(Images for object localization)
○ ○ ○ ○ ○ ○ ○
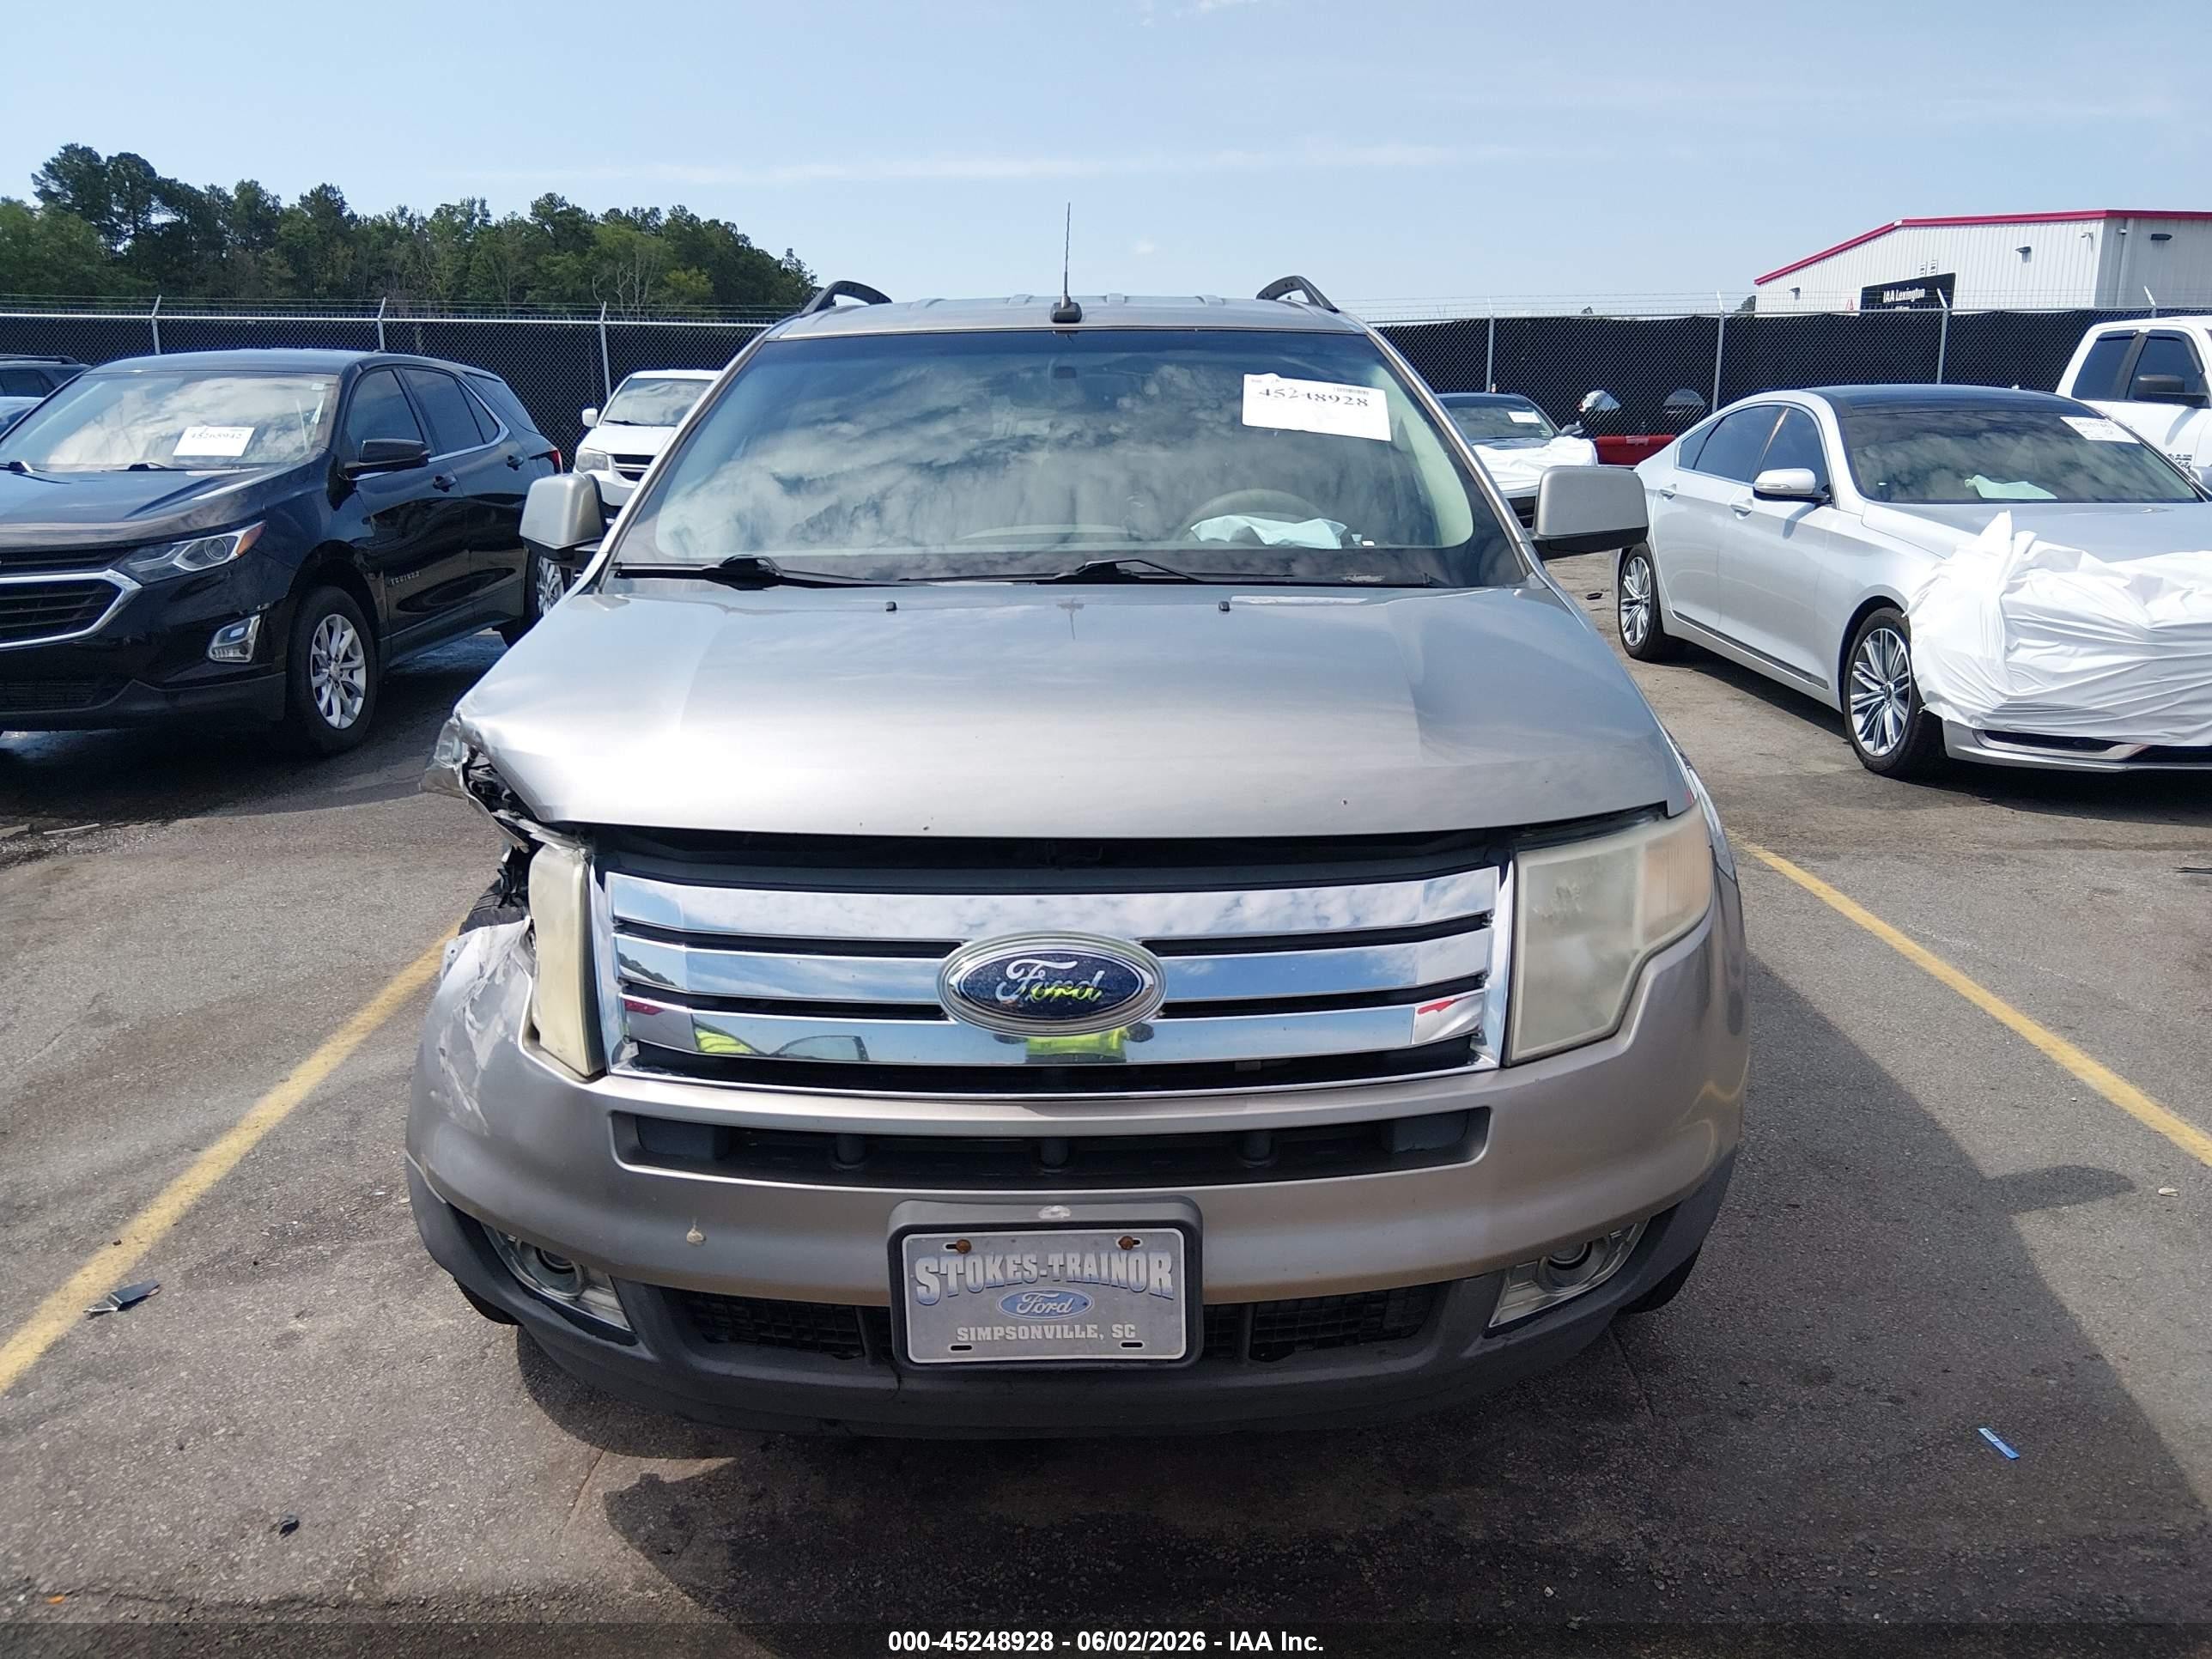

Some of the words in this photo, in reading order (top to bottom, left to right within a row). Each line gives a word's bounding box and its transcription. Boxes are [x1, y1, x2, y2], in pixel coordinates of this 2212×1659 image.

[1883, 289, 1894, 303] IAA
[1895, 287, 1925, 302] Lexington
[1259, 386, 1369, 407] 45248928
[995, 958, 1105, 1003] Ford
[914, 1249, 1176, 1306] STOKES-TRAINOR
[1016, 1291, 1073, 1315] Ford
[956, 1324, 1105, 1342] SIMPSONVILLE,
[1111, 1323, 1137, 1340] SC
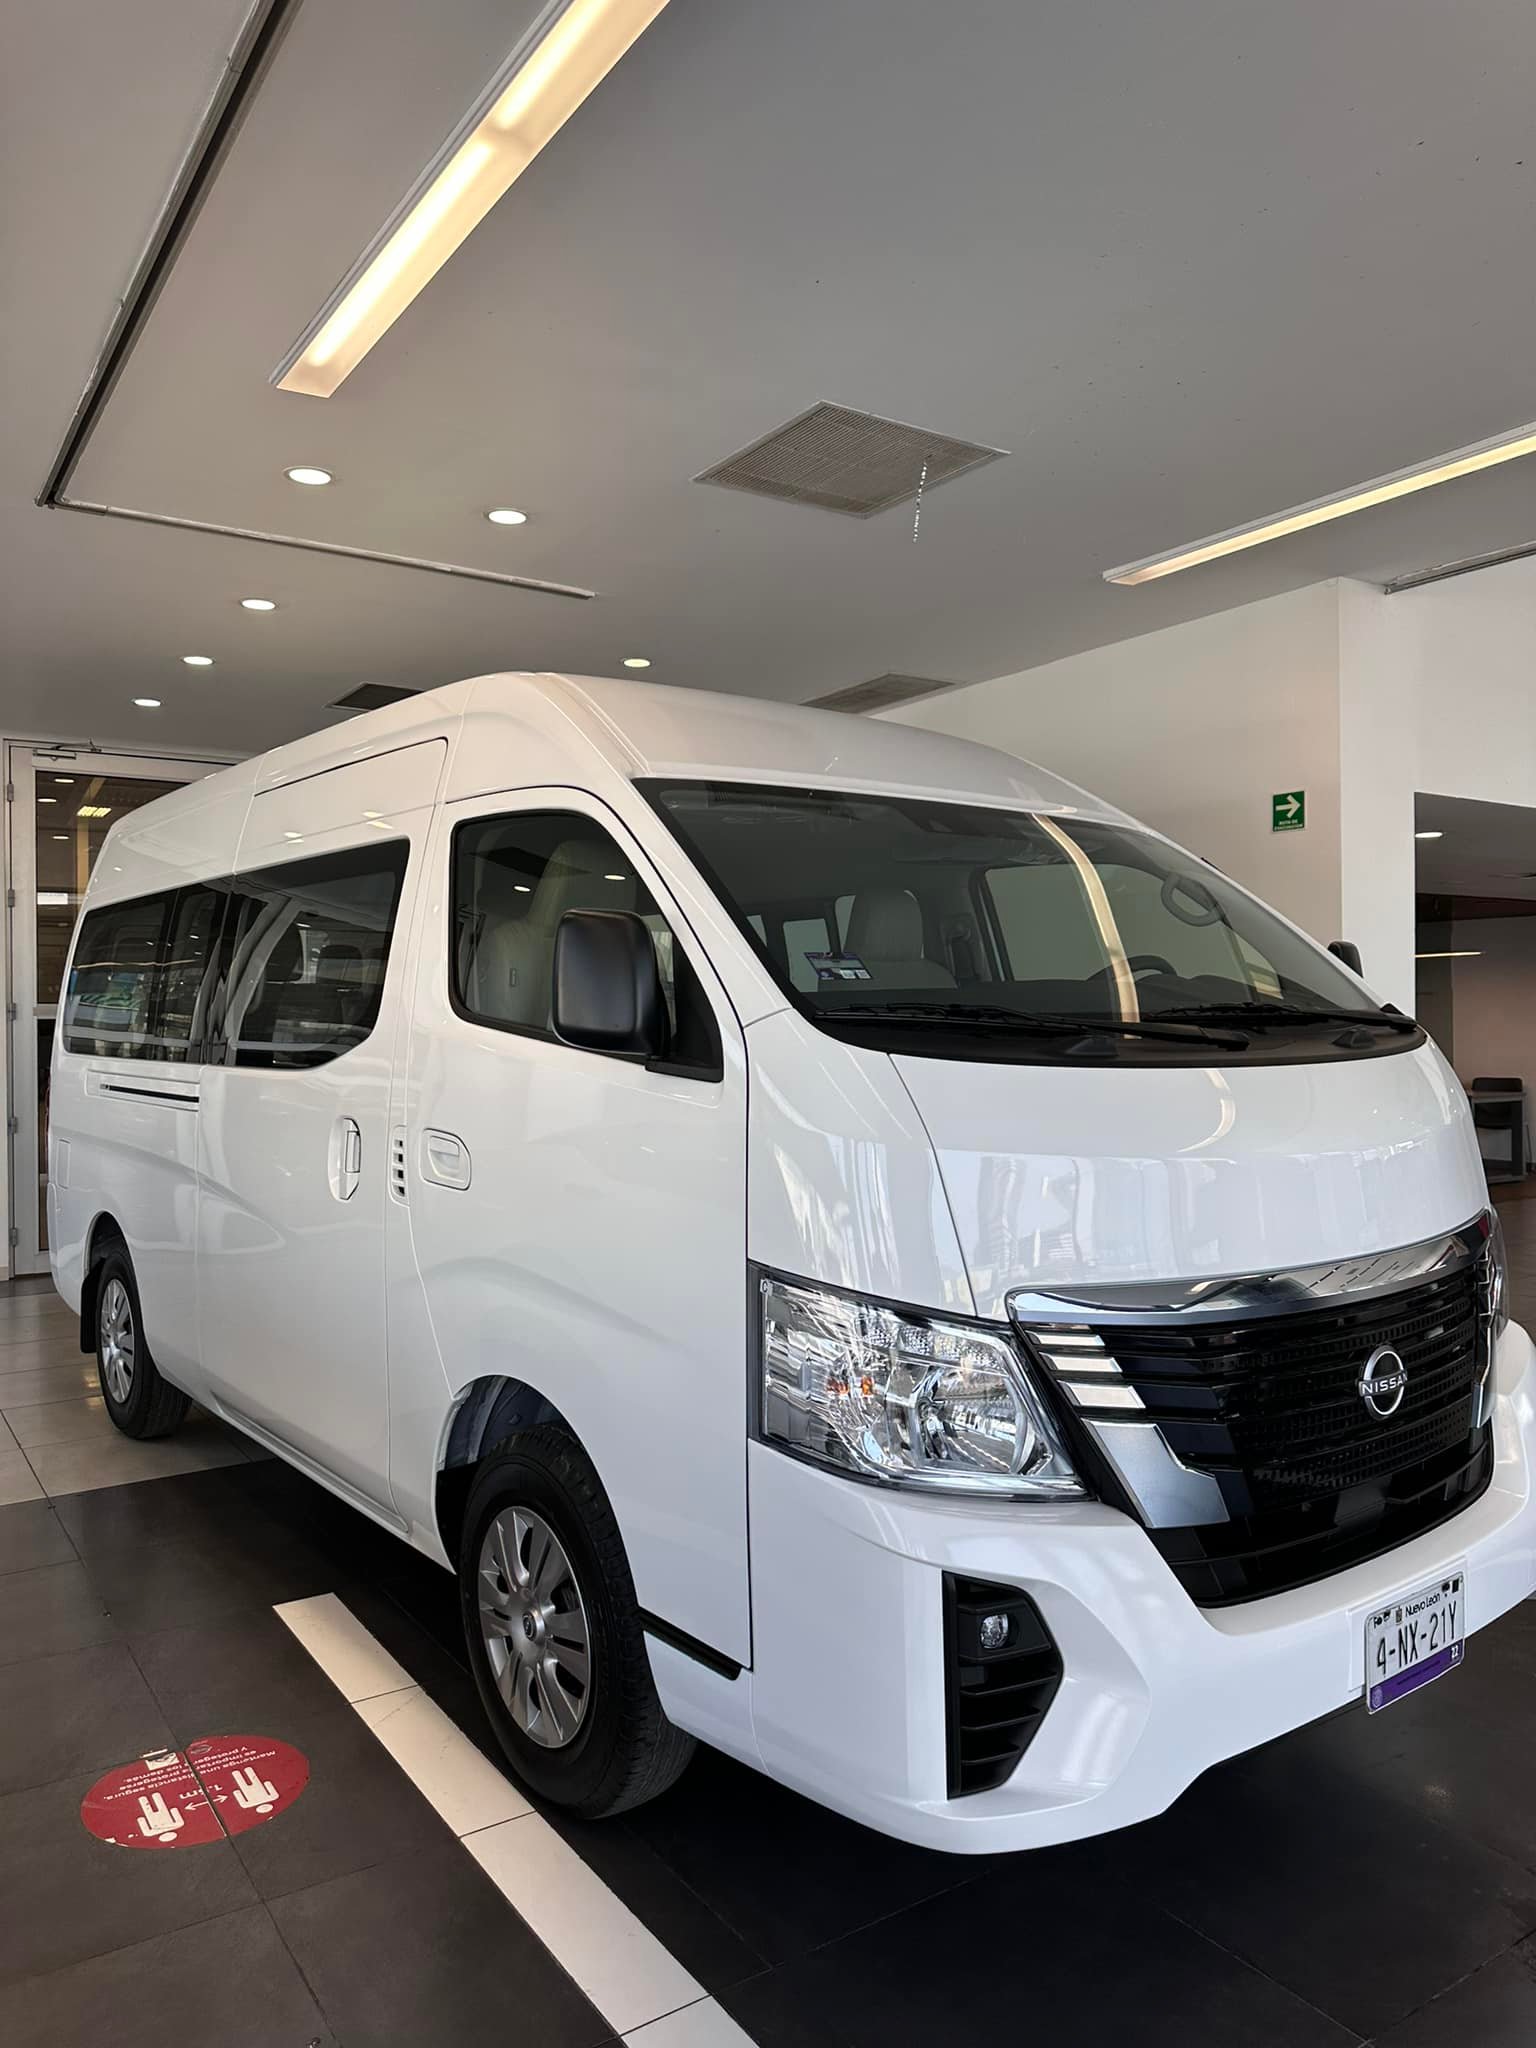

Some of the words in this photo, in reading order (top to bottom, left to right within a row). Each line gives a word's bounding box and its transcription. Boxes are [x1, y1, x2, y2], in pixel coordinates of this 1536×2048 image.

[1362, 1374, 1407, 1394] NISSA
[1405, 1600, 1425, 1617] Nuevo
[1377, 1600, 1457, 1675] 4-NX-21Y
[193, 1748, 239, 1765] proteger
[223, 1750, 276, 1769] Mantenga
[199, 1766, 221, 1775] una
[119, 1770, 180, 1791] protegerse
○ ○ ○ ○ ○ ○ ○
■ YOUR ASSIGNMENT
Word for word, give the entries back in full; the pictures do not belong in the copy.

■ REPLY TO THE EXERCISE
Some of the words in this photo, in reading order (top to bottom, left to right within a row). Each line gives a word's bounding box and its transcription. Boxes are [x1, y1, x2, y2], in pixel coordinates of this 2212×1659 image.

[1883, 289, 1894, 303] IAA
[1895, 287, 1925, 302] Lexington
[1259, 386, 1369, 407] 45248928
[995, 958, 1105, 1003] Ford
[914, 1249, 1176, 1306] STOKES-TRAINOR
[1016, 1291, 1073, 1315] Ford
[956, 1324, 1105, 1342] SIMPSONVILLE,
[1111, 1323, 1137, 1340] SC

Some of the words in this photo, in reading order (top to bottom, left to right within a row). Each line gives a word's bounding box and its transcription. Boxes are [x1, y1, x2, y2], in pixel coordinates of this 1536×2048 image.

[1362, 1374, 1407, 1394] NISSA
[1405, 1600, 1425, 1617] Nuevo
[1377, 1600, 1457, 1675] 4-NX-21Y
[193, 1748, 239, 1765] proteger
[223, 1750, 276, 1769] Mantenga
[199, 1766, 221, 1775] una
[119, 1770, 180, 1791] protegerse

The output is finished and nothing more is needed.